▶ [TASK DIRECTIONS]:
When you transcribe the entries below, keep the wording exact and omit the pictures.

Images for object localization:
+ + + + +

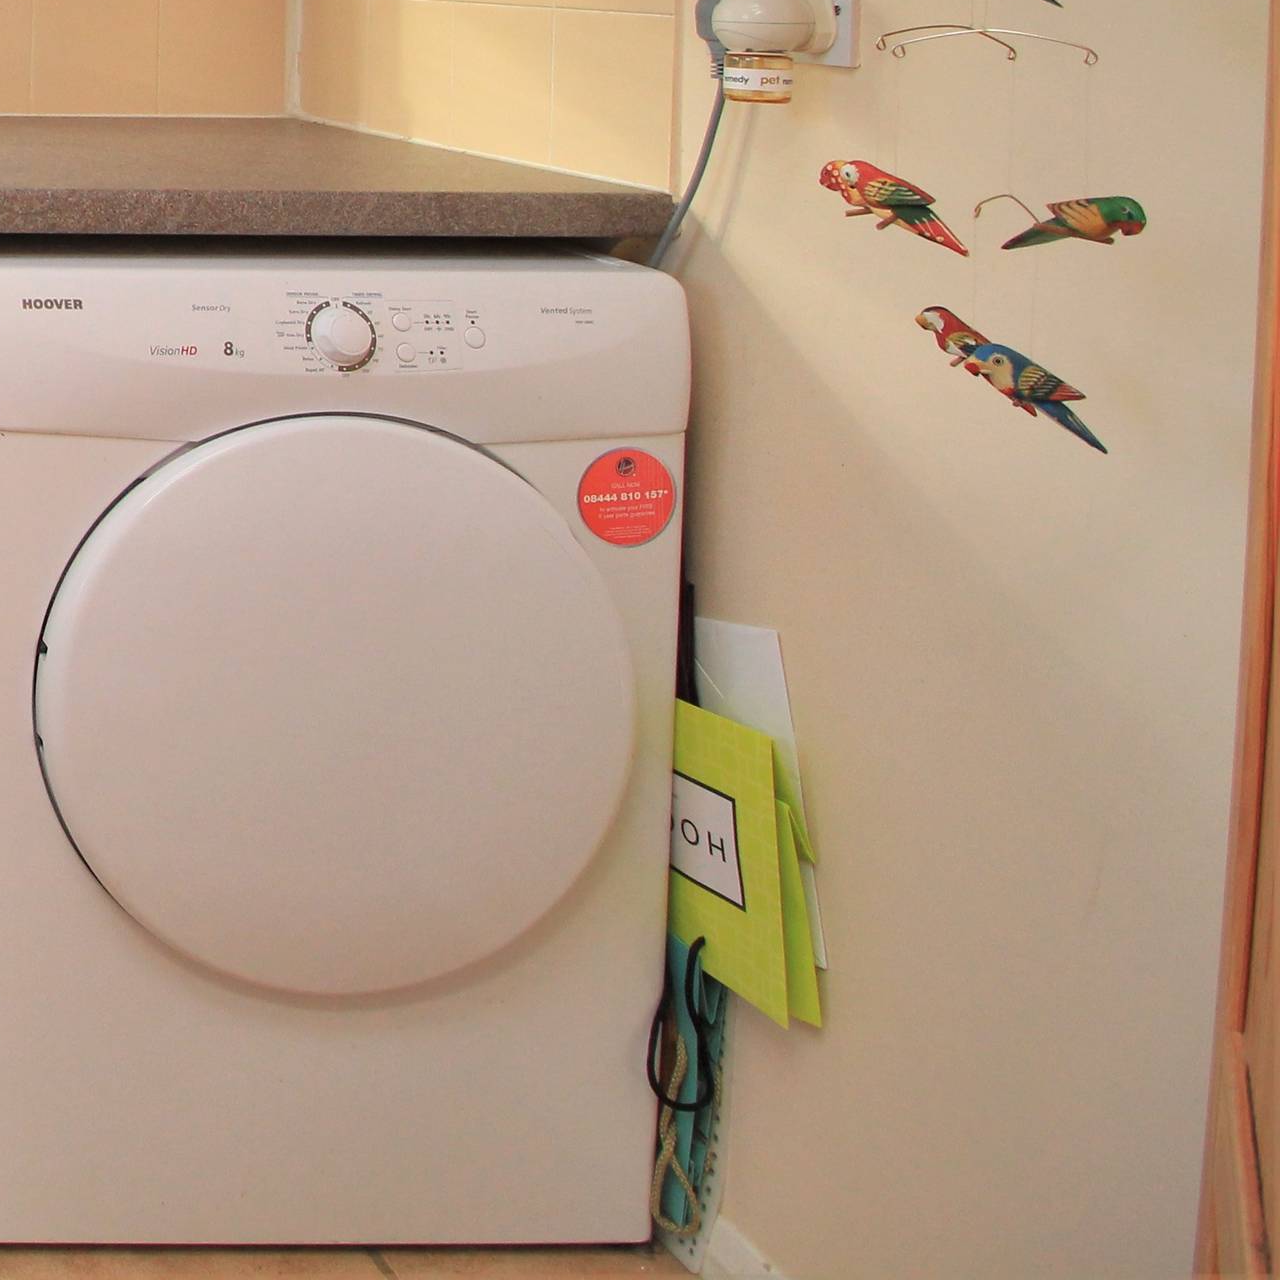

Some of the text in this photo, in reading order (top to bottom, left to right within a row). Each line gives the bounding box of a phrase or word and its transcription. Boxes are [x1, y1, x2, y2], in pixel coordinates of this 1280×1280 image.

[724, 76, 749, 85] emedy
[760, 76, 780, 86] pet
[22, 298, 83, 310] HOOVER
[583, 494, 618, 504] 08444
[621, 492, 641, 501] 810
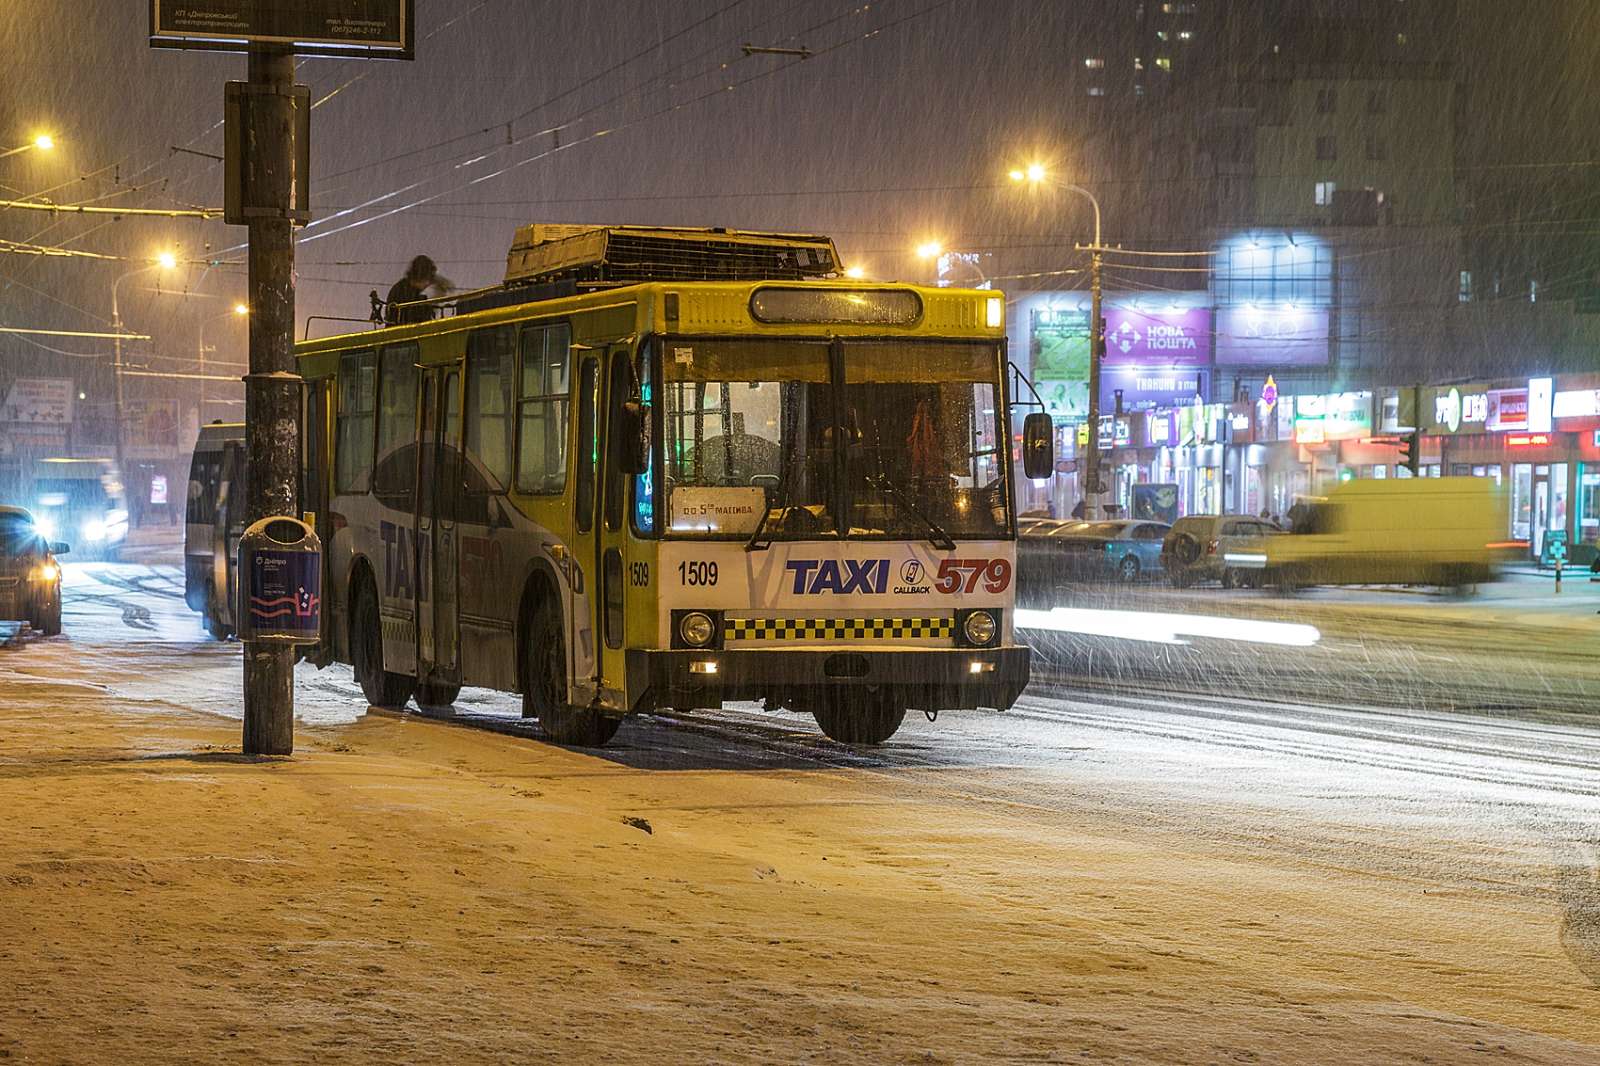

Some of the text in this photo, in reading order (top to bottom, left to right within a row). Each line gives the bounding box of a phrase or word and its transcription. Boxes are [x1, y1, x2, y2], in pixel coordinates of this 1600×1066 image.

+ + + + +

▶ [EXPECTED ANSWER]:
Some of the text in this photo, in reading order (top to bottom, left to right within a row). Each line gives the bounding box of a phrase or word and its transcription. Boxes are [x1, y1, x2, y2], in pixel coordinates of this 1280×1280 image.

[724, 76, 749, 85] emedy
[760, 76, 780, 86] pet
[22, 298, 83, 310] HOOVER
[583, 494, 618, 504] 08444
[621, 492, 641, 501] 810

Some of the text in this photo, in reading order (top to bottom, left to right within a row). Each line gives the bounding box of a phrase or word and its transcription. Boxes are [x1, y1, x2, y2], in pixel coordinates of this 1600×1066 image.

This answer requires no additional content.